● DESCRIPTION OF THE TASK: Would you quote every entry exactly, dropping only the pictures?

● Stored data entries:
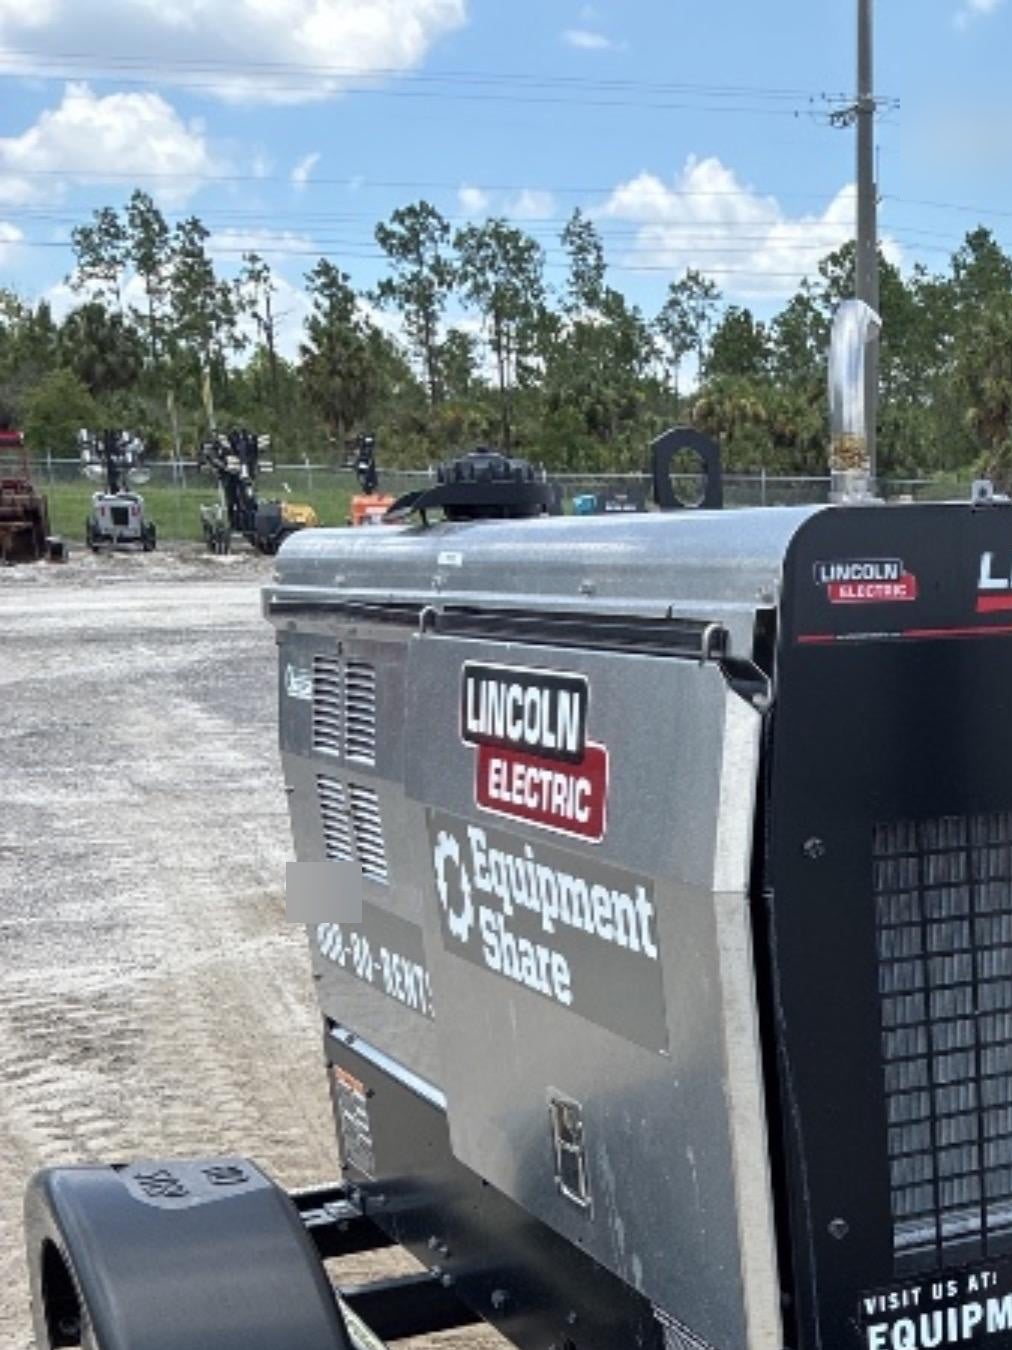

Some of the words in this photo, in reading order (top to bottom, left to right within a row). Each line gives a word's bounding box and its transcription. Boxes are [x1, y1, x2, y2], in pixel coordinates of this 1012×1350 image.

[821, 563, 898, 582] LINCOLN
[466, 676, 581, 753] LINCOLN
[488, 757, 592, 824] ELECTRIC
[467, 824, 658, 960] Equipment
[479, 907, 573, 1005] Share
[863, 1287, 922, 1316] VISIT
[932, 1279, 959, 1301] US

● ANSWER SPACE:
Some of the words in this photo, in reading order (top to bottom, left to right within a row). Each line gives a word's bounding box and its transcription. Boxes are [x1, y1, x2, y2], in pixel coordinates of this 1012×1350 image.

[821, 563, 898, 582] LINCOLN
[466, 676, 581, 753] LINCOLN
[488, 757, 592, 824] ELECTRIC
[467, 824, 658, 960] Equipment
[479, 907, 573, 1005] Share
[863, 1287, 922, 1316] VISIT
[932, 1279, 959, 1301] US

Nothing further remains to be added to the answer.